Menendez, a Democrat, is on a long path to a fourth term as an independent.

For example, when prosecutors earlier this month released photos and videos of Menendez sitting at a table with an Egyptian official during a steakhouse fire, the senator’s lawyers portrayed the meeting as an innocent gathering at Menendez’s usual spot — not a shady meeting of criminal co-conspirators. Adam Fee, another lawyer for Menendez, told the judge overseeing the case that when the senator is in D.C., he likely “eats at that same table in that same restaurant 250 nights a year.”

On Thursday, Weitzman said the ethics manual is extensive and that the financial disclosure instructions are too complicated to understand.

“This is not a simple matter, is it?” he asked Kopplin.

Koppin said the disclosure forms were easier to fill out than taxes.

Weitzman also suggested that some of the senators were old. Menendez is 70.

“Do you know how old Chuck Grassley is?” Weitzman asked, referring to the 90-year-old senator.

But at least Menendez should be more familiar with the rules than most senators.

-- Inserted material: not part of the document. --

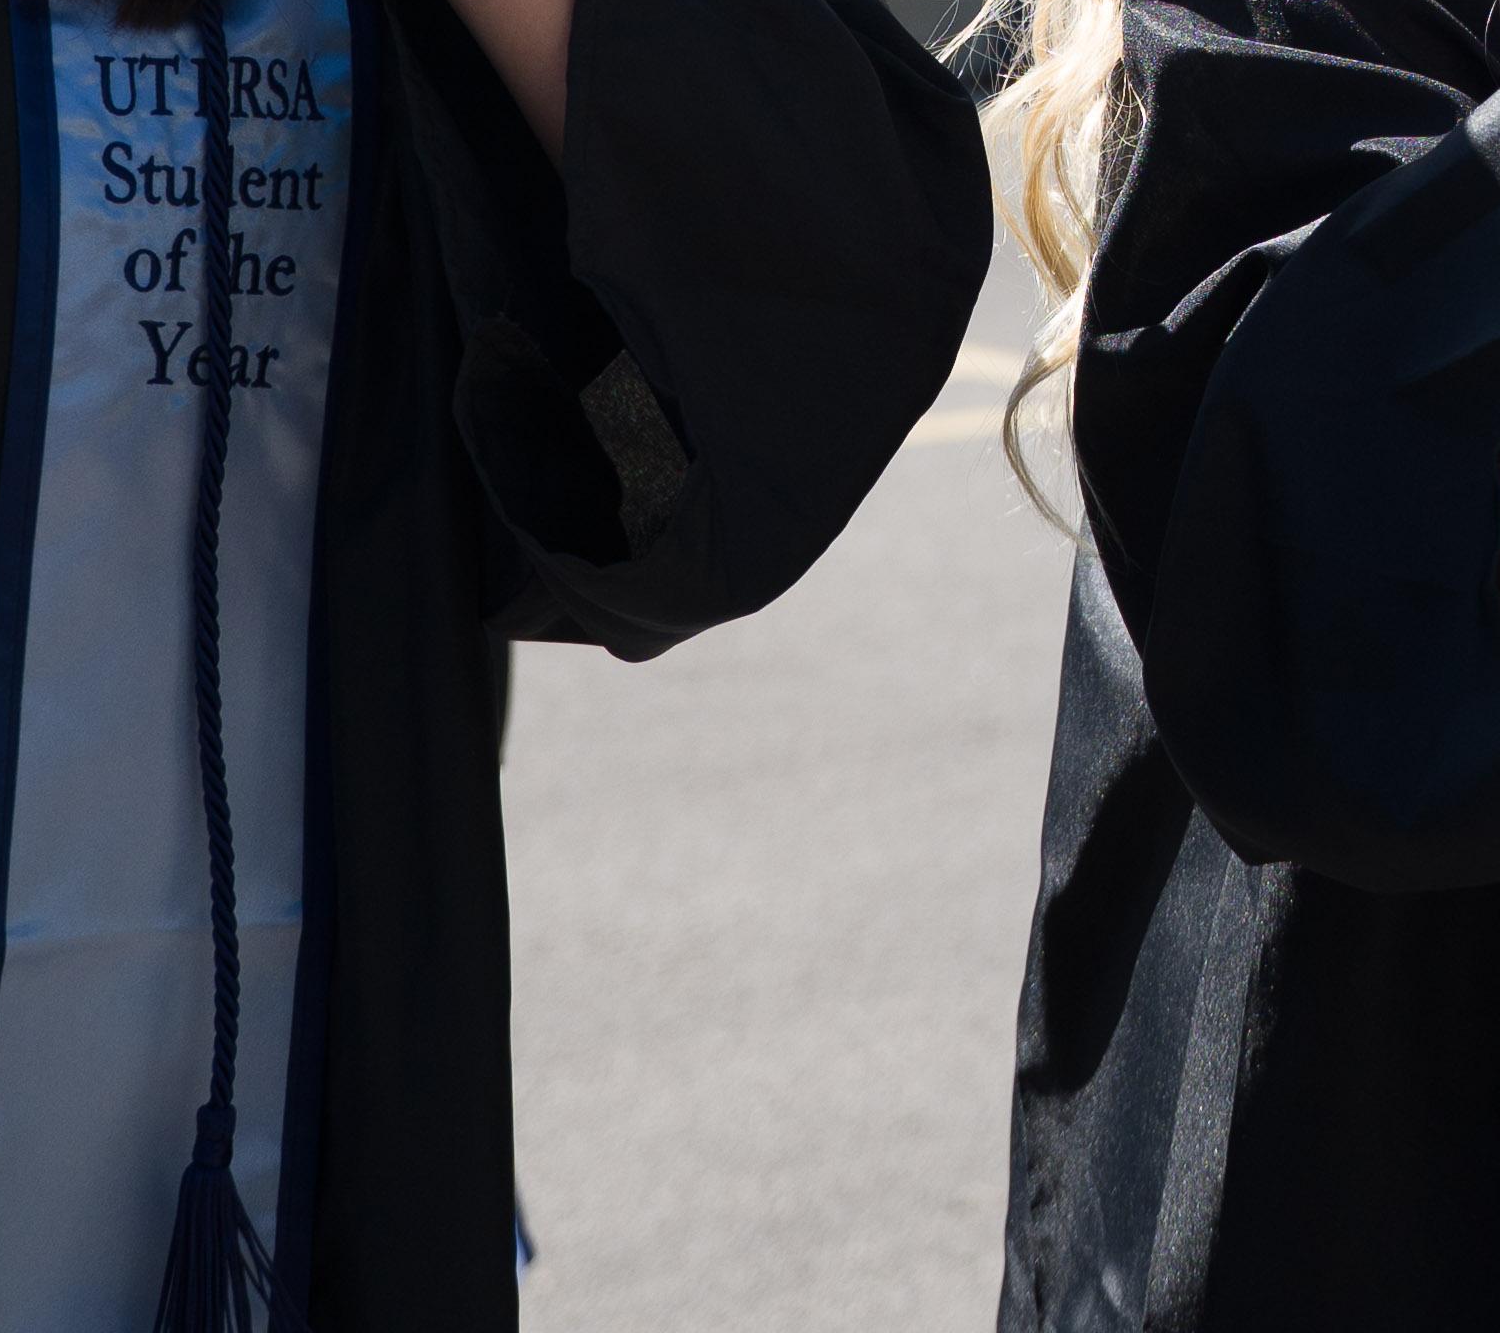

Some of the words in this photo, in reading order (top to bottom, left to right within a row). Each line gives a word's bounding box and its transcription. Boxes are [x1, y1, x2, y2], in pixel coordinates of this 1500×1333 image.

[94, 53, 180, 116] UT
[123, 228, 197, 293] of
[206, 231, 296, 297] he

In 2018, the ethics committee formally warned Menendez about his relationship with a close friend and donor, Dr. Salomon Melgen. They were prosecuted together in a 2017 corruption trial that ended in a mistrial. Prosecutors later dropped the charges.

But after it was over, the Ethics Committee found that Menendez “knowingly and repeatedly accepted gifts of significant value from Dr. Melgen without obtaining the necessary committee approval, and that you failed to disclose certain gifts as required by Senate rule and federal law. Furthermore, while accepting these gifts, you used your position as a member of the Senate to advance Dr. Melgen’s personal and business interests.”

As prosecutors prepare to rest their case and Menendez and two co-defendants begin their defense, the two sides are locked in a heated argument over which witnesses can be called for the defense and what evidence can be shown to the jury.

Menendez’s legal team wants to call Nadine’s sister to testify about Nadine’s abusive ex-boyfriend, including fights they got into, and alleged stalking and vandalism, according to a filing from prosecutors seeking to block some of the testimony.

Menendez’s attorneys want to argue that Menendez broke up with Nadine during part of the time prosecutors allege they were conspiring to sell his office. They also want to explain why Menendez appeared to be keeping a close eye on Nadine’s location using the iPhone’s location tracking features, something prosecutors have used to suggest he was aware of what she was up to, which is in part would refute the defense’s claim that they lived separately. lives.

As part of that defense, Menendez’s attorneys want to show that she was severely assaulted by the ex-boyfriend and, for security reasons, want the senator to know where she was.

US District Court Judge Sidney Stein appears willing to let jurors hear certain versions of these events, but does not want the trial to become a “soap opera.”